_ASSIGNED TASK:_ With the pictures omitted, transcribe each line below exactly as it is.

_EXTRACTED INFORMATION:_
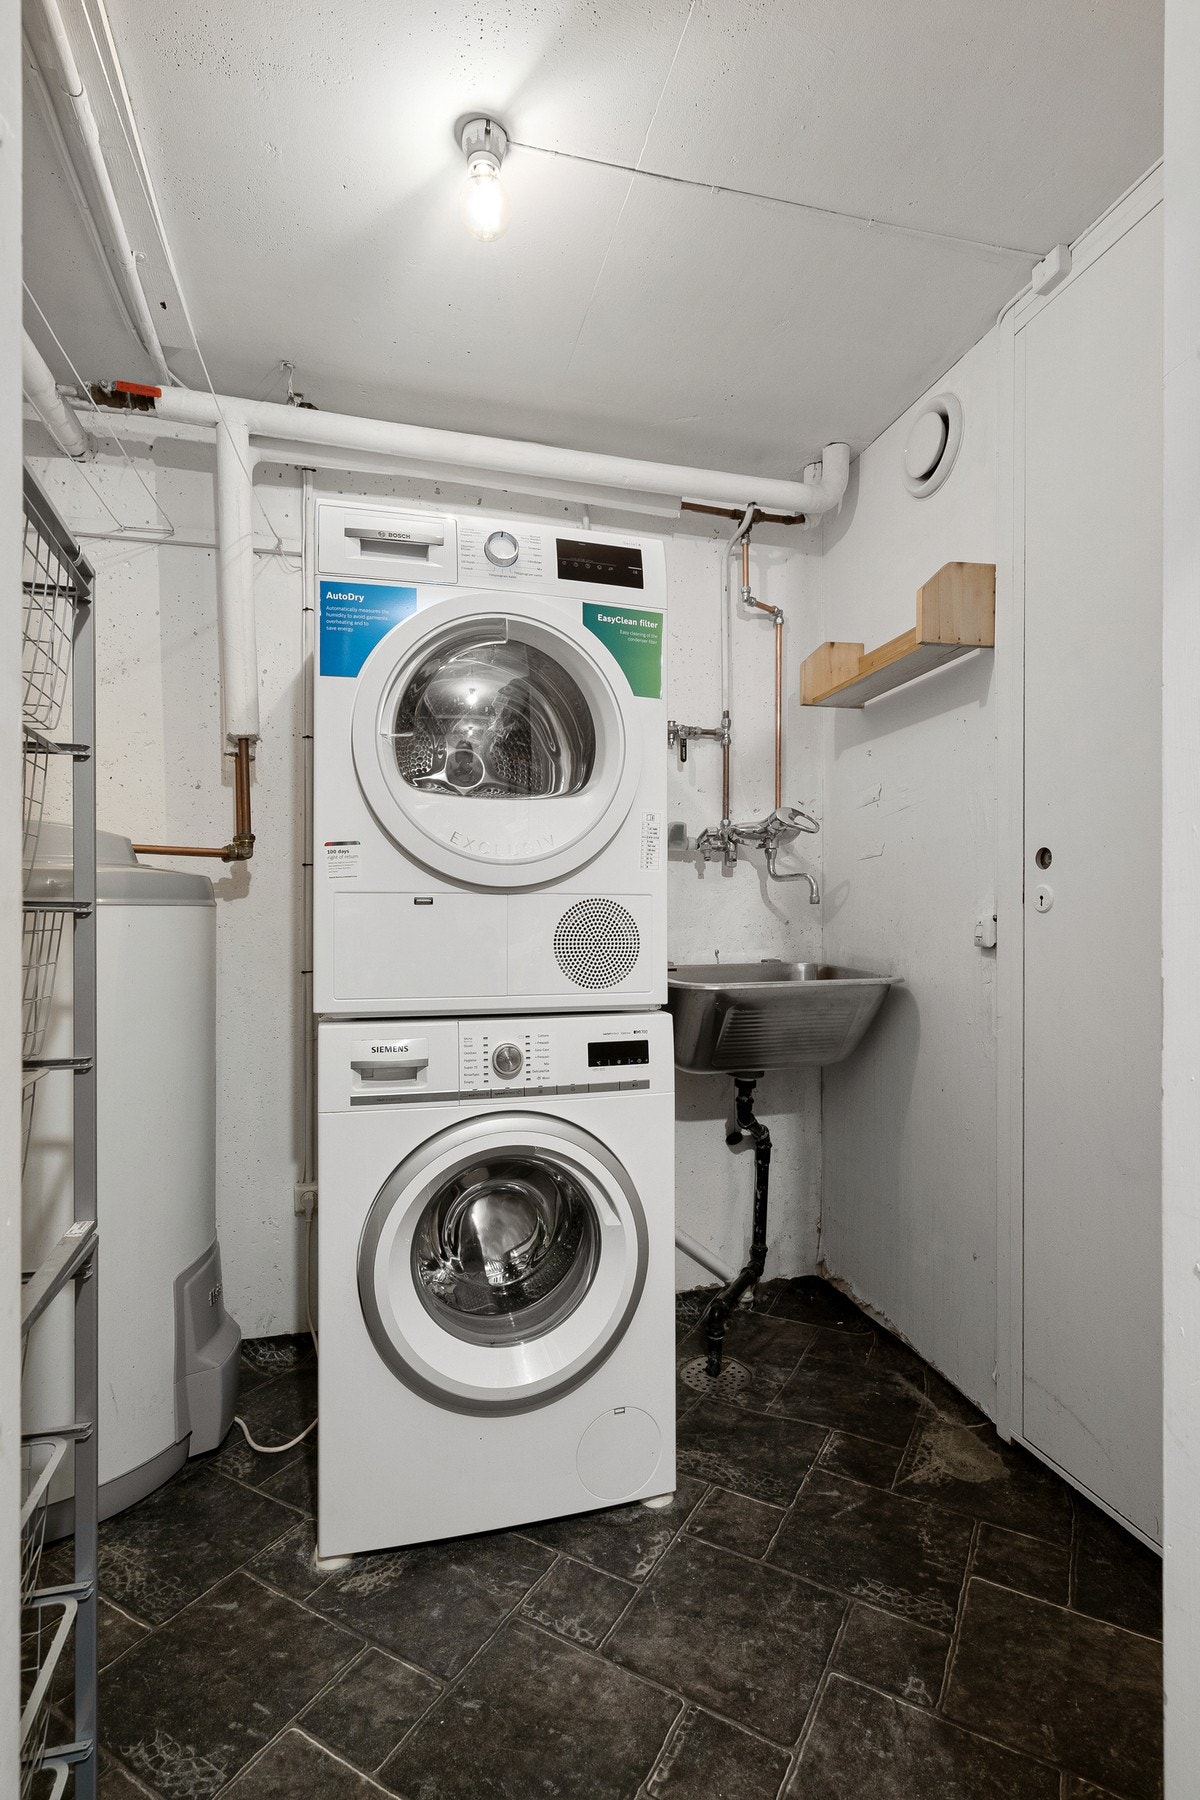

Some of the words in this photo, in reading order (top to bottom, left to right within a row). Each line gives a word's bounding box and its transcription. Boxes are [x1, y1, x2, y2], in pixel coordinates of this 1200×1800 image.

[326, 591, 365, 603] AutoDry
[597, 613, 638, 625] EasyClean
[639, 618, 659, 629] filter
[629, 630, 646, 638] cleaning
[371, 1045, 409, 1054] SIEMENS

_REPLY TO THE TASK:_
Some of the words in this photo, in reading order (top to bottom, left to right within a row). Each line gives a word's bounding box and its transcription. Boxes are [x1, y1, x2, y2], in pixel coordinates of this 1200×1800 image.

[326, 591, 365, 603] AutoDry
[597, 613, 638, 625] EasyClean
[639, 618, 659, 629] filter
[629, 630, 646, 638] cleaning
[371, 1045, 409, 1054] SIEMENS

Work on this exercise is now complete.